*TASK*
What you give back must match the data exactly, minus the pictures.

*INPUT DATA*
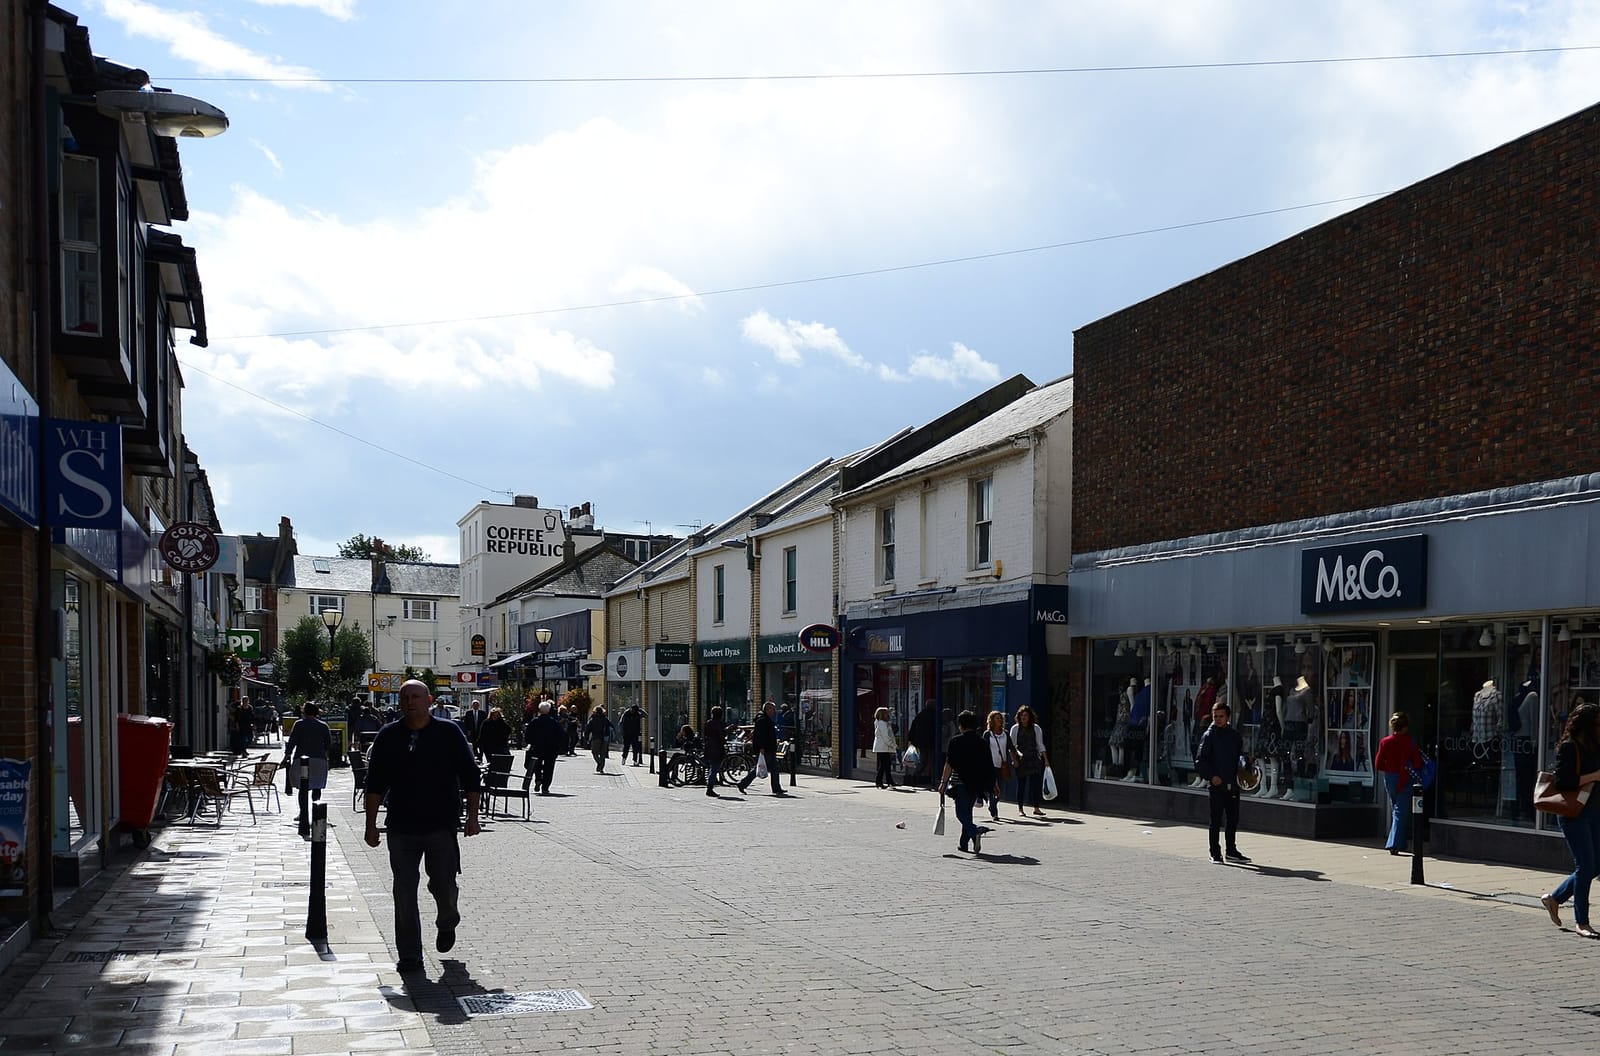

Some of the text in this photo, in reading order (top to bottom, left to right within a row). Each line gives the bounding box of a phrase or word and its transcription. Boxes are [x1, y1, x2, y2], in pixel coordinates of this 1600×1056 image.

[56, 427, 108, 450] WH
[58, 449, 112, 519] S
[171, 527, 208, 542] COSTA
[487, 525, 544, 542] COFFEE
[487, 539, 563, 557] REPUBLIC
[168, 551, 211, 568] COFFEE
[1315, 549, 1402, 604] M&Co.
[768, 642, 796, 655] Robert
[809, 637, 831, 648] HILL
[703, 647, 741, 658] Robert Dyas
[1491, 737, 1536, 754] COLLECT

*RESULT BELOW*
Some of the text in this photo, in reading order (top to bottom, left to right within a row). Each line gives the bounding box of a phrase or word and its transcription. Boxes are [x1, y1, x2, y2], in pixel coordinates of this 1600×1056 image.

[56, 427, 108, 450] WH
[58, 449, 112, 519] S
[171, 527, 208, 542] COSTA
[487, 525, 544, 542] COFFEE
[487, 539, 563, 557] REPUBLIC
[168, 551, 211, 568] COFFEE
[1315, 549, 1402, 604] M&Co.
[768, 642, 796, 655] Robert
[809, 637, 831, 648] HILL
[703, 647, 741, 658] Robert Dyas
[1491, 737, 1536, 754] COLLECT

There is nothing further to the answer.